======== DATA SUPPLIED

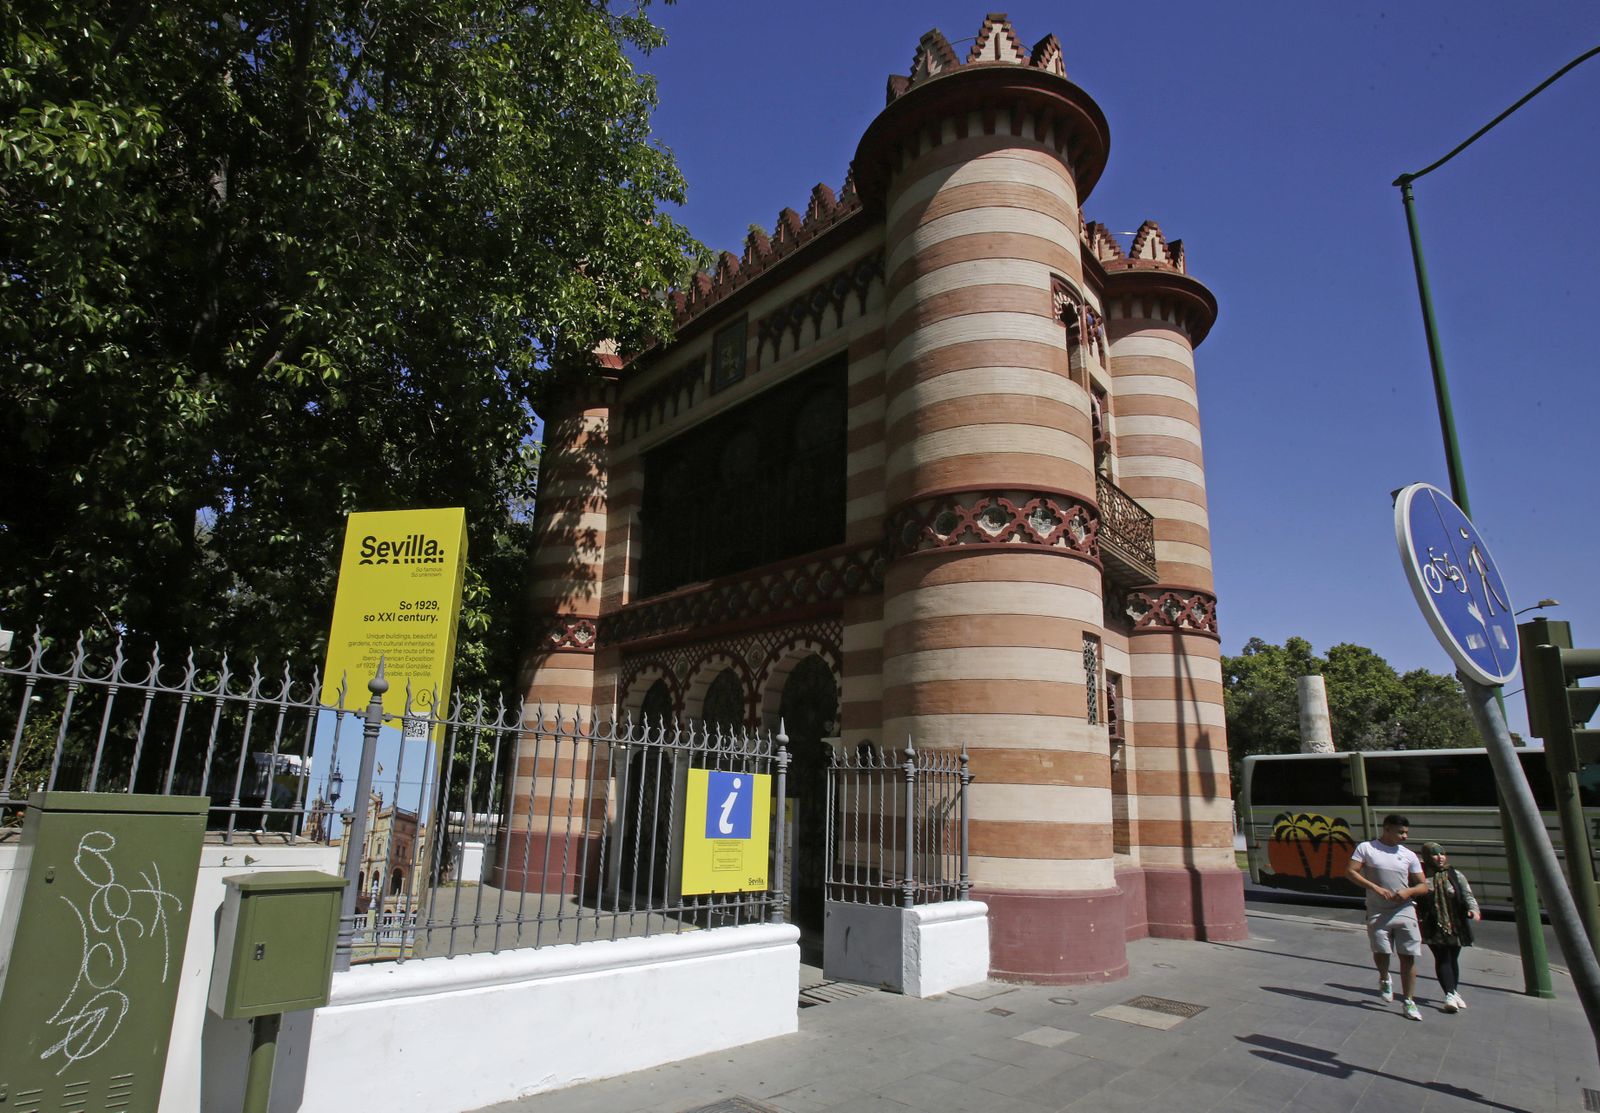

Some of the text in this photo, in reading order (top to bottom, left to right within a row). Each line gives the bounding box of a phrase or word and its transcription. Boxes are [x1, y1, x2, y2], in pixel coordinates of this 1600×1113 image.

[360, 534, 445, 558] Sevilla.
[399, 600, 440, 611] So 1929,
[363, 612, 439, 624] so XXI century.
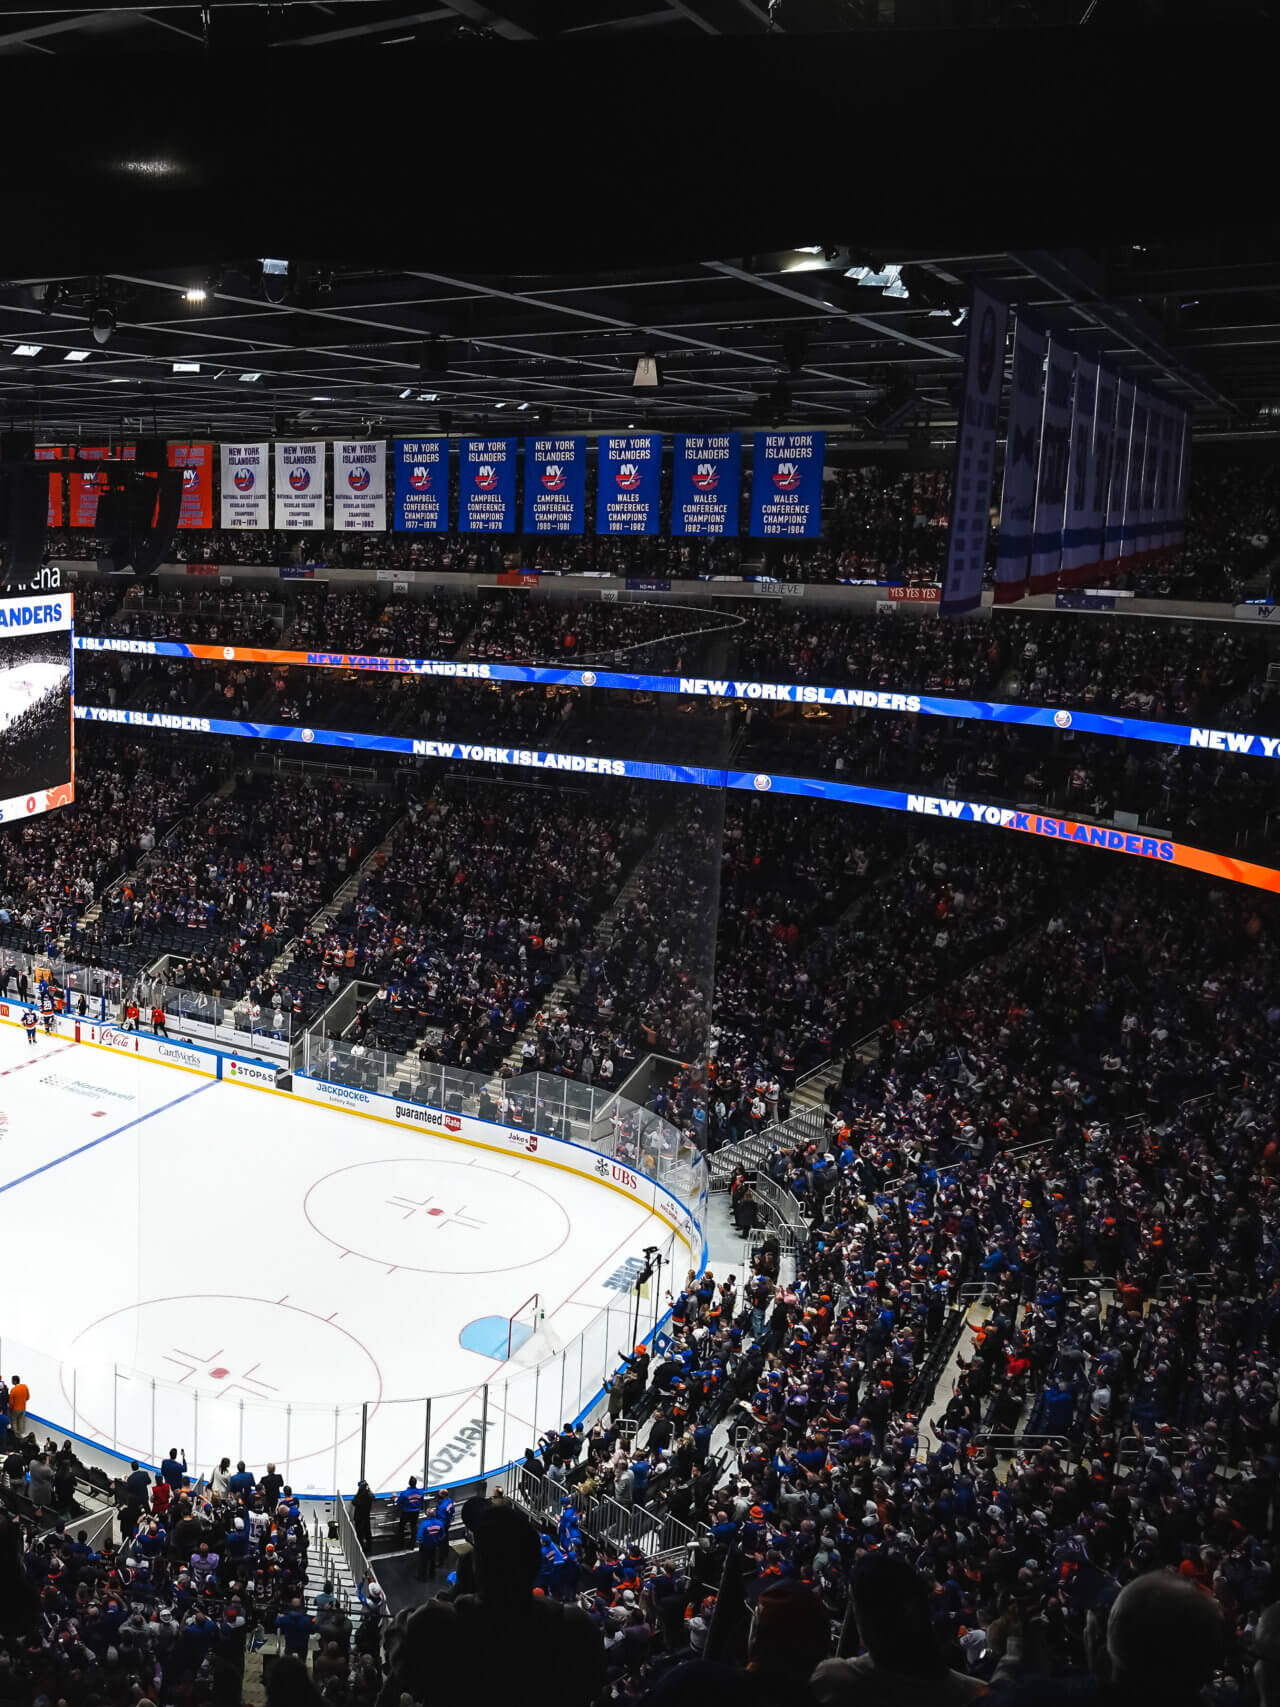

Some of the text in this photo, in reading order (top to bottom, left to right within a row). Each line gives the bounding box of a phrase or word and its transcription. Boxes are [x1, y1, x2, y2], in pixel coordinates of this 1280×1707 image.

================

__WHAT YOU WILL DO__:
Please print every record exactly, leaving out the pictures.

__RESULT OF THE TASK__:
Some of the text in this photo, in reading order (top to bottom, left to right within a row). Each line gives the bounding box of a phrase or word and its transcription. Boxes are [x1, y1, x2, y2], in pixel coordinates of this 1600×1113 image.

[360, 534, 445, 558] Sevilla.
[399, 600, 440, 611] So 1929,
[363, 612, 439, 624] so XXI century.

Some of the text in this photo, in reading order (top to bottom, left to right within a row). Each line gives the bounding box of a phrase or word and its transcription. Boxes are [x1, y1, x2, y2], in pixel coordinates of this 1280×1707 image.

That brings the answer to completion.